American actress and comedian (born 1986)

Sasheer Zamata Moore (/səˈʃɪər zəˈmeɪtə/; born May 6, 1986) is an American actress and comedian. She rose to prominence as a cast member on the NBC sketch comedy series Saturday Night Live from 2014 to 2017. Since departing SNL, she has garnered wider attention for her starring roles in the TV series Woke (2020–2022), Home Economics (2021–2023), and Agatha All Along (2024).

==Early life==
Zamata, who is of African American heritage, is the daughter of American parents Ivory Steward and Henry Moore, a lieutenant colonel in the US Air Force. She was born in Okinawa, Japan, because of her father's military career. She is the great-granddaughter of Leroy Washington Mahon, a formerly enslaved man who founded the town of Fargo, Arkansas.
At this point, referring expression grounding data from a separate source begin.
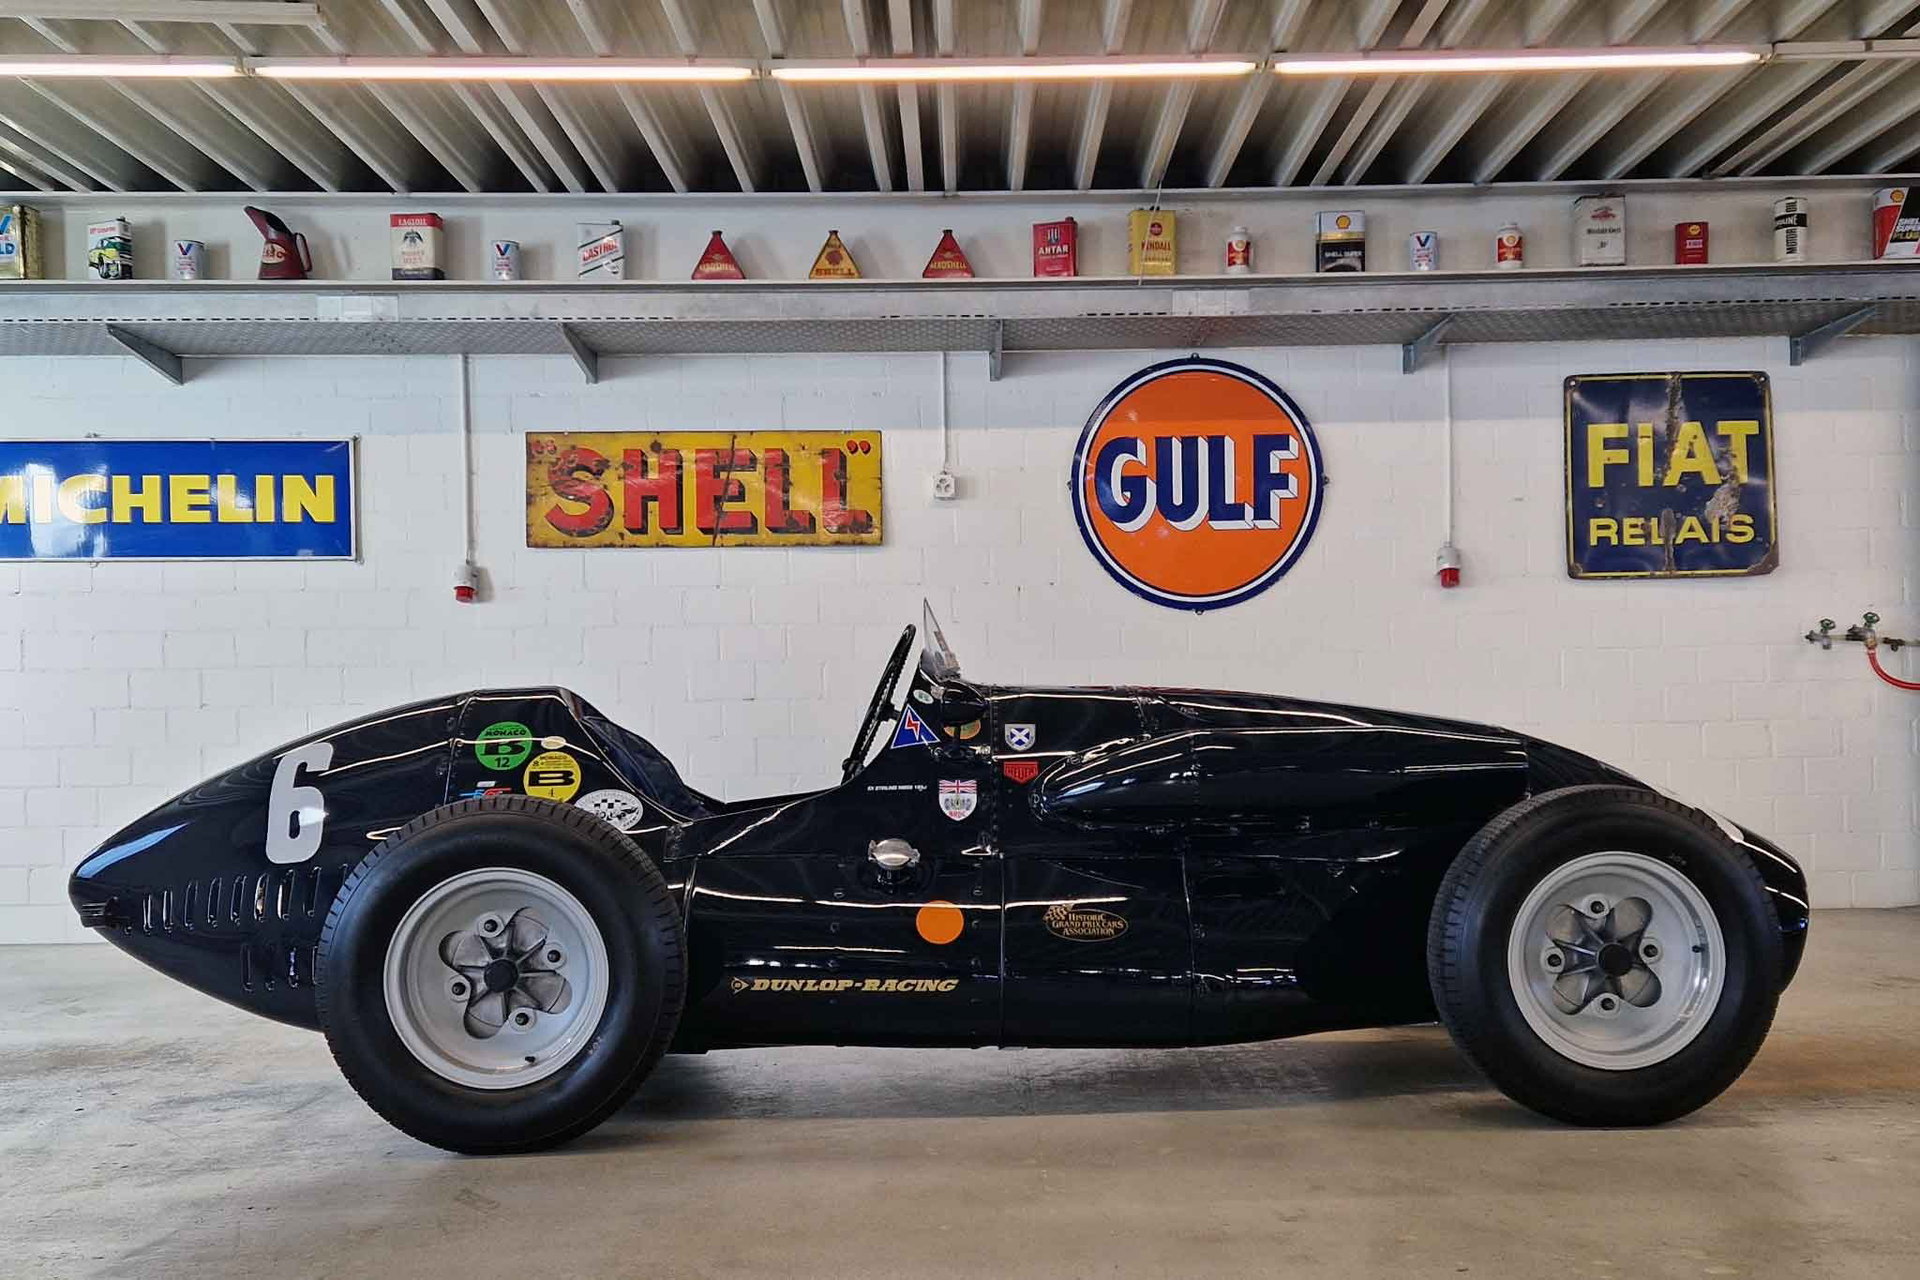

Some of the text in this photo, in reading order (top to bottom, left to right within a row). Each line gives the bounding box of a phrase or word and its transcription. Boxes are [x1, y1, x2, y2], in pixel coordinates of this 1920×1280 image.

[1785, 228, 1798, 255] MOTOR
[1038, 244, 1069, 256] ANTAR
[1587, 420, 1760, 488] FIAT
[1095, 434, 1299, 532] GULF
[1589, 514, 1755, 546] RELAIS
[485, 728, 527, 737] MONACO
[494, 757, 511, 769] 12
[528, 771, 576, 787] B
[265, 741, 334, 864] 6
[1068, 913, 1106, 921] HISTORIC
[1052, 920, 1124, 929] GRAND PRIX CARS
[1063, 928, 1115, 936] ASSOCIATION
[749, 979, 959, 992] DUNLOP-RACING
Zamata was raised in Indianapolis, Indiana. She is a graduate of Pike High School. She stated her parents named her after the alien flower-like crystal called the "Sahsheer" from the Star Trek episode "By Any Other Name".

Zamata was a member of the volleyball team at Pike High School and her coach rewarded the team with a trip to ComedySportz Indianapolis, which hosts improv performances. Her mother, Ivory Steward, has said, "That's where I think Sasheer got bit by this comedic bug." That encounter led to weekend workshops to learn about improvisation techniques.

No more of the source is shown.